Улыбка промелькнула на губах Шерли. Чтобы не рассмеяться, она наклонила голову, прикрыла рот ладонями, и от этого движения локоны вновь рассыпались, скрывая ее лицо.
– Да уж, я в тот день взбунтовалась, – пробормотала она.
– Точно! – подхватил Генри. – Устроила ужасный скандал моему отцу, не хотела слышать ни его, ни маму, ни миссис Прайер, ни кого-нибудь еще, только говорила, что отец тебя оскорбил…
– Он действительно меня обидел!
– …И хотела тотчас покинуть Симпсон-Гроув.
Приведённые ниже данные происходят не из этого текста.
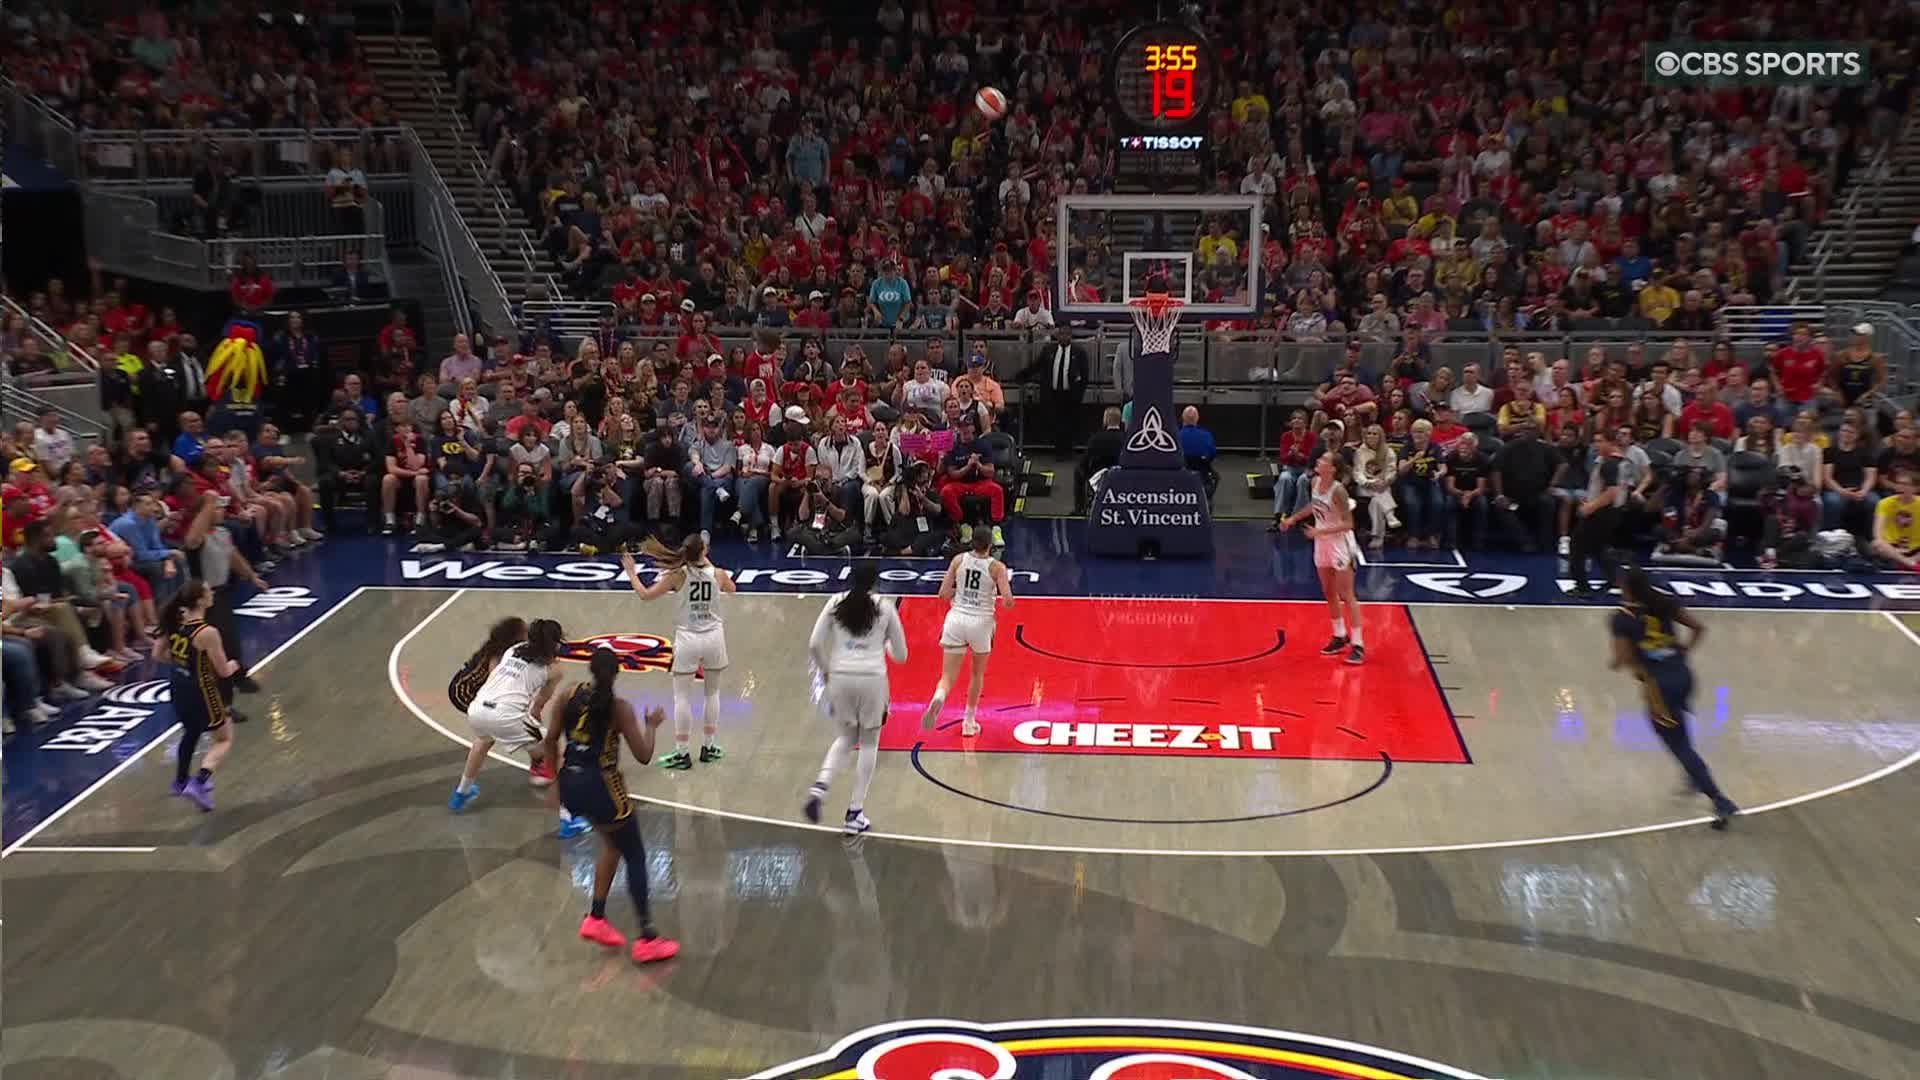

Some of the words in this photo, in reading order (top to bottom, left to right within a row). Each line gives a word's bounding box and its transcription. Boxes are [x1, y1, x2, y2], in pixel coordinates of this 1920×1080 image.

Ты уложила свои вещи в дорожный сундук, а папа их оттуда выкинул. Мама плачет, миссис Прайер плачет, обе стоят над тобой, заламывая руки, и просят тебя успокоиться, а ты сидишь на коленях на полу среди разбросанных вещей, сундук перевернут, и вид у тебя такой, как когда ты сильно сердишься. В подобные минуты твое лицо словно застывает, черты неподвижны, но какая же ты красивая! По тебе не скажешь, что ты рассержена: кажется, будто ты просто спешишь и настроена весьма решительно, – однако чувствуется, что, если кто-нибудь посмеет встать на твоем пути, испепелишь одним взглядом. Папа испугался и позвал мистера Мура.
– Хватит, Генри!
– Не знаю уж, как мистеру Муру удалось все уладить. Помню, он предупредил отца, что от излишних волнений у того может разыграться подагра, потом успокоил дам и выпроводил прочь, а после сказал тебе, Шерли, что разговоры и упреки сейчас бесполезны, но в классной комнате уже накрыли стол к чаю и было бы хорошо, если бы ты отложила сборы и угостила нас с ним чашкой чая, ведь ему очень хочется пить. Ты пришла и поначалу не говорила ни слова, однако скоро смягчилась и повеселела. Мистер Мур начал рассказывать про Европу, про войну, про Бонапарта – про то, что нам всегда было интересно. После чая мистер Мур велел нам остаться с ним на весь вечер: опасался, что мы опять набедокурим, и потому решил приглядеть за нами. Мы сидели рядом с ним и были счастливы. Лучший вечер в моей жизни! А на следующий день мистер Мур отчитывал тебя целый час и в наказание заставил выучить наизусть отрывок из Боссюэ[109]. И ты его учила, вместо того чтобы укладывать вещи. Больше ты ни разу не говорила об отъезде. Мистер Мур целый год подшучивал над тобой из-за этого происшествия.
– Зато сколько воодушевления было в ее голосе, когда она декламировала этот отрывок! – поддержал ученика Луи Мур. – Впервые в жизни я имел удовольствие слышать, как английская девушка говорит на моем родном языке без акцента.
– Она целый месяц ходила кроткая и послушная как ягненок, – добавил Генри. – После хорошей пылкой ссоры крутой нрав Шерли смягчается.
– Вы говорите так, словно меня здесь нет, – заметила мисс Килдар, по-прежнему не поднимая головы.
– А вы уверены, что вы тут? – спросил Луи Мур. – С тех пор как я сюда приехал, мне часто хочется спросить у владелицы Филдхеда, что стало с моей бывшей ученицей.
– Она перед вами.
– Да уж, вижу, и выглядит скромницей из скромниц. Однако я бы не посоветовал ни Генри, ни кому-либо еще слепо верить в смиренность этой тихони, которая сейчас прячет раскрасневшееся лицо словно благонравная девочка, а через мгновение вскинет голову и будет надменна и бледна, как мраморная Юнона.
– Говорят, в старину один человек вдохнул жизнь в изваянную им статую. Наверное, другие обладают даром превращать живых существ в камень.